Cuando éramos ángeles
Beatriz Rodríguez
29 enero, 2016 01:00Beatriz Rodríguez. Foto: Elena Blanco
No pasó desapercibida la editora Beatriz Rodríguez (Sevilla, 1980) cuando en 2014 se estrenó como narradora con La vida real de Esperanza Silva. Sorprendió entonces su personal narrativa, la imaginativa concepción de la trama y la manera de estructurarla. Ya apuntaba maneras, y despertó expectativas que ahora buscan confirmación en su segundo título, Cuando éramos ángeles, la excusa perfecta para regalarse una historia que sabe dar respuesta a muy diferentes expectativas.
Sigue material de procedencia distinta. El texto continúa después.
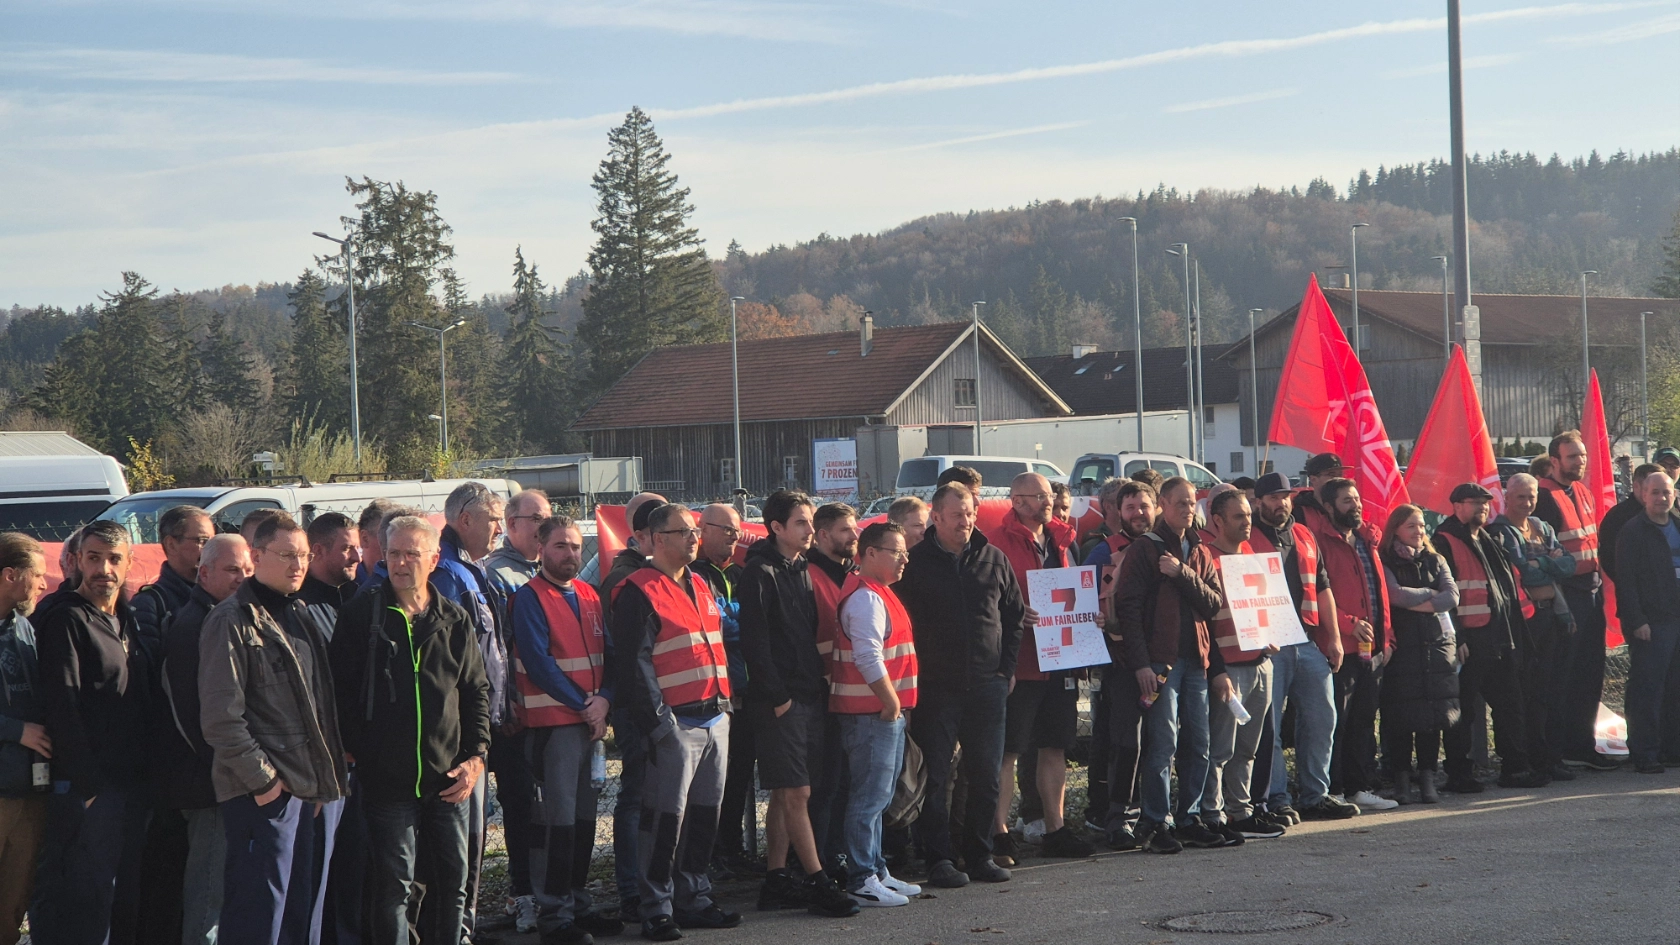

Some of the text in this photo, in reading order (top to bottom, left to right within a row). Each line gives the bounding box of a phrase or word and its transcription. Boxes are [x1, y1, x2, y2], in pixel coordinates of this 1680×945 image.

Porque bajo la apariencia de una novela de intriga forjada entre las acciones y los silencios de un coro de personajes impecablemente planeado, de lo que trata es del recorrido emocional inaugurado con las experiencias que se estrenan en la adolescencia (amigos, sexo, deseo, complicidad), y van tejiendo un trazado secreto que tergiversa significados originales, derivando en culpas, odios, venganza.El argumento arranca con el descubrimiento del cadáver de un hombre del pueblo, Fran Borrego, uno de los que fueron "cachorros" en los 90, junto a otros jóvenes que quemaron los veranos de su adolescencia en Fuentegrande, territorio ficticio ubicado en un valle, sobre el que gravita el peso del aislamiento, y la herencia de costumbres y miedos atávicos. A raíz de ese suceso, la policía inicia sus pesquisas. Aunque que no hay pistas sobre el crimen, a nadie parece sorprender su muerte, pero todos callan. De un lado los hombres, los dueños de las tierras, y los otros, cómplices todos de los secretos forjados en la adolescencia. De otro las mujeres (Rosario, Eugenia, María...), unidas por una misteriosa complicidad. Y ajena al pueblo está Clara Ibáñez. Llegó allí con su marido para dirigir el periódico local, aunque su vida dio un vuelco y vive instalada en un dolor que no acaba de afrontar. Prepara un reportaje sobre el suceso, indaga y persigue el sentido de todo aquello que parece capturado en un tiempo impreciso, lleno de secretos. Su papel será decisivo, porque, aunque todas las voces importan, las mujeres aparecen tan sutiles que no es posible eludir que ahí está uno de los fuertes de la novela.
El otro es la composición, fragmentada, narrada en veinte secuencia discontinuas, el pasado sugerido con enunciados descriptivos, el presente con nombres de comidas propias del verano en el sur. Y ambos con el aderezo de una imaginación que convierte lo nimio en significativo, y el conjunto en un relato inquietante y complaciente. Son avisos de que no hay que perder de vista a esta autora.